DATA LISTING Start Marker

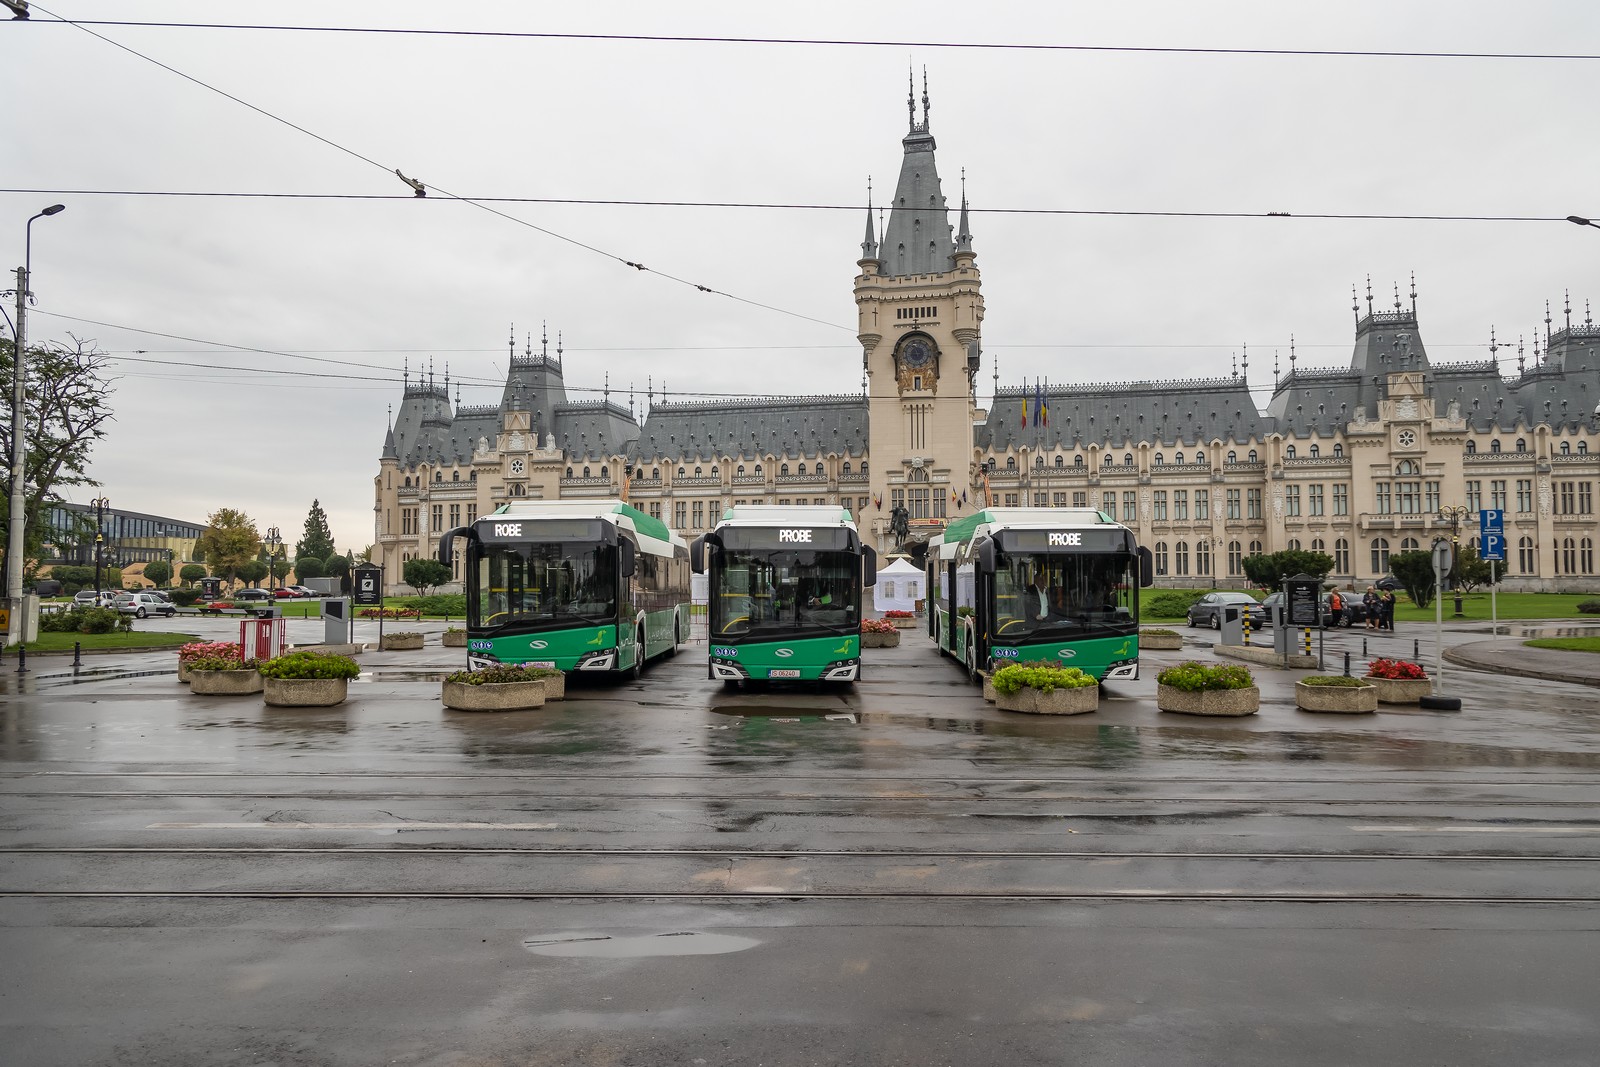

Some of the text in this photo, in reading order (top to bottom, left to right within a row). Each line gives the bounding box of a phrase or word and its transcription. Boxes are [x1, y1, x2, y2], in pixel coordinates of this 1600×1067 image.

[1486, 510, 1497, 527] P
[494, 523, 522, 537] ROBE
[779, 529, 812, 543] PROBE
[1048, 532, 1081, 546] PROBE
[1487, 535, 1498, 552] P

DATA LISTING End Marker

ASSIGNMENT: Your answer must be an exact copy of the data above, minus its pictures.

EXERCISE RESULT:
Some of the text in this photo, in reading order (top to bottom, left to right within a row). Each line gives the bounding box of a phrase or word and its transcription. Boxes are [x1, y1, x2, y2], in pixel coordinates of this 1600×1067 image.

[1486, 510, 1497, 527] P
[494, 523, 522, 537] ROBE
[779, 529, 812, 543] PROBE
[1048, 532, 1081, 546] PROBE
[1487, 535, 1498, 552] P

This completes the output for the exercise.